Les caractéristiques de distribution, d’ouverture et d’hétérogénéité qui sont communes aux applications actuelles ont fait augmenter de manière inquiétante les risques liés à leur utilisation. Ces risques sont devenus plus dépendants du comportement des parties impliquées que des infrastructures utilisées. Les solutions techniques existantes, applicables sur des systèmes plutôt stables, statiques et fermés, ne sont plus du tout adaptées à ces nouvelles applications. Dans ce contexte, nous nous intéressons ainsi aux verrous technologiques et/ou scientifiques liés à la confiance pour l’accès et les échanges de contenus, pour l’utilisation et la composition de services mais aussi dans le cadre d’échanges d’informations sensibles. Il s’agit de rendre plus "sure" les transactions entre les parties impliquées, de garantir la confidentialité des informations, le respect de la vie privée des utilisateurs et tout cela selon les préférences et les politiques qui sont exprimées. Nous abordons également toutes les questions qui y sont liées telles que la gestion des risques, la gestion des identités multiples... Afin de répondre à cette problématique, il s’agit de combiner les travaux menés dans le quadriennal précédent sur la négociation de politiques de confiance et sur l’utilisation de modèles de confiance et de réputation pour la régulation de systèmes décentralisés. Les actions considérées sont :
- « Gestion de la confiance »,
- « Gestion de la confidentialité ».
 

Actions transverses

Ces actions transverses au sein de l’équipe sont autant d’opportunités pour croiser les compétences pour aborder des problématiques de recherche plus larges en créant des coopérations. Dès octobre 2009, nous avons mis en œuvre ce principe en lien avec le financement d’un doctorat.

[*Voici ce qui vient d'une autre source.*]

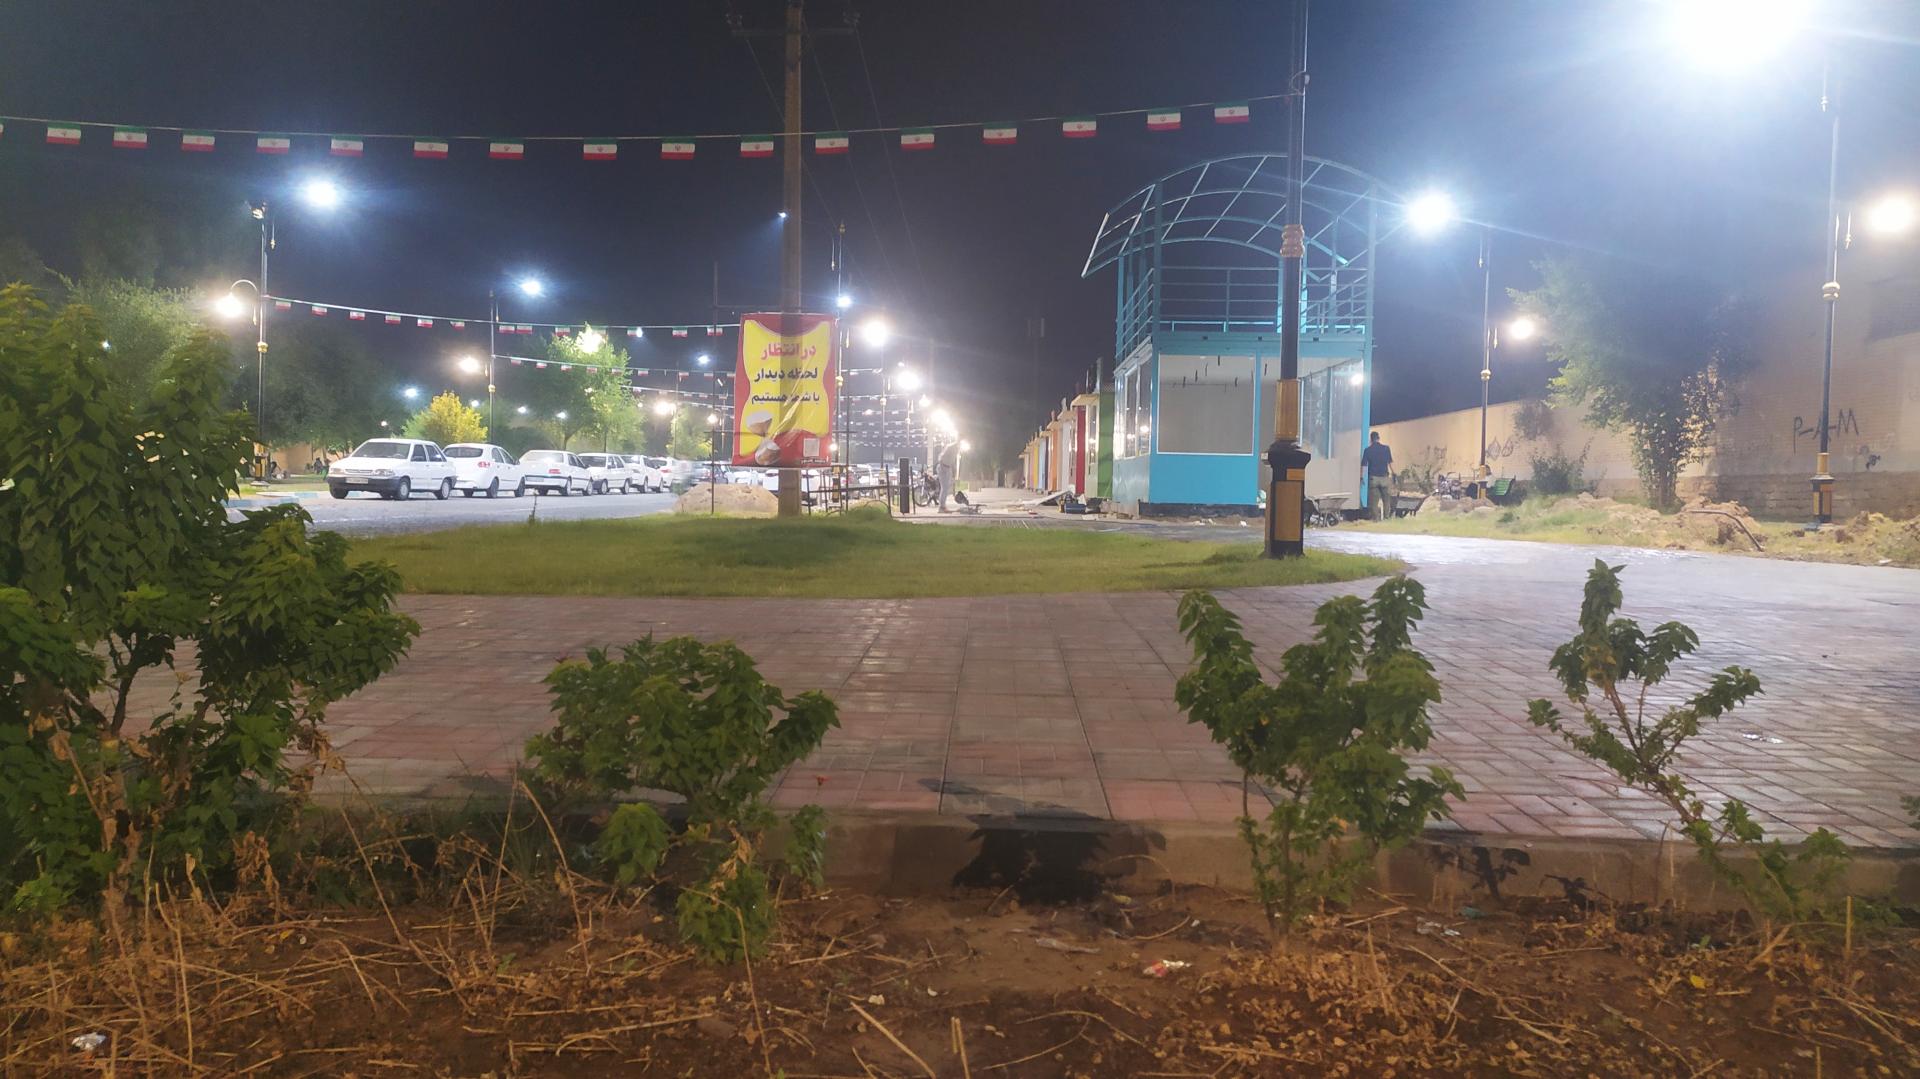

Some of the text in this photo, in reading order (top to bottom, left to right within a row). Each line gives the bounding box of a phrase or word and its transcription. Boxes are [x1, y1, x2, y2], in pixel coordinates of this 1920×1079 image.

« Réactivité, Proactivité, Confiance, Confidentialité » (axe 2 et 3)

Un premier travail (doctorat initié en 2009) s’intéressera à l’articulation entre politiques de confiance régulant le fonctionnement de communautés d’usagers et politiques de confiances individuelles adoptées par chacun des usagers. Les principes de sécurité, de confiance, de confidentialité (axe 3) sont ainsi considérés comme autant de politiques/normes globales à prendre en compte dans la coordination des communautés d’usagers et d’étudier comment les préférences et les modifications locales des usagers peuvent les faire évoluer. D’autres études suivront ce premier travail appliquant les systèmes normatifs et adaptatifs aux problématiques de confiance et confidentialité dans un cadre décentralisé et ouvert.

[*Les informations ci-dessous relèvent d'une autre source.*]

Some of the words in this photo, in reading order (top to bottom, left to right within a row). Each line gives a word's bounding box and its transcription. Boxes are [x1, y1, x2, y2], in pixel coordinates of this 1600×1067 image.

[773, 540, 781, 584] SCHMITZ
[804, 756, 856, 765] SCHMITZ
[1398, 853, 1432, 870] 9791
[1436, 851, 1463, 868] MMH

« Contexte, Connaissance, Coordination » (axe 1 et 2)

Il s’agit, ici, d’explorer les complémentarités d’approches centrées sur les données (i.e. axe 1) avec des approches plus normatives et prescriptives (i.e. axe 2). Une première piste possible croise recherche d’information distribuée, web sémantique pour étudier une coordination émergente entre différents services d’ontologies (chacun ayant une partie de la modélisation des connaissances) et des outils de recherche affectés chacun à une partie des documents. Une extension possible est un croisement avec les actions de l’axe 3 en intégrant des politiques de contrôle d’accès aux index au sein des moteurs de recherche, afin de ne pas divulguer les documents dans leur totalité.

« Contexte, Traces, Confidentialité » (axe 1 et 3)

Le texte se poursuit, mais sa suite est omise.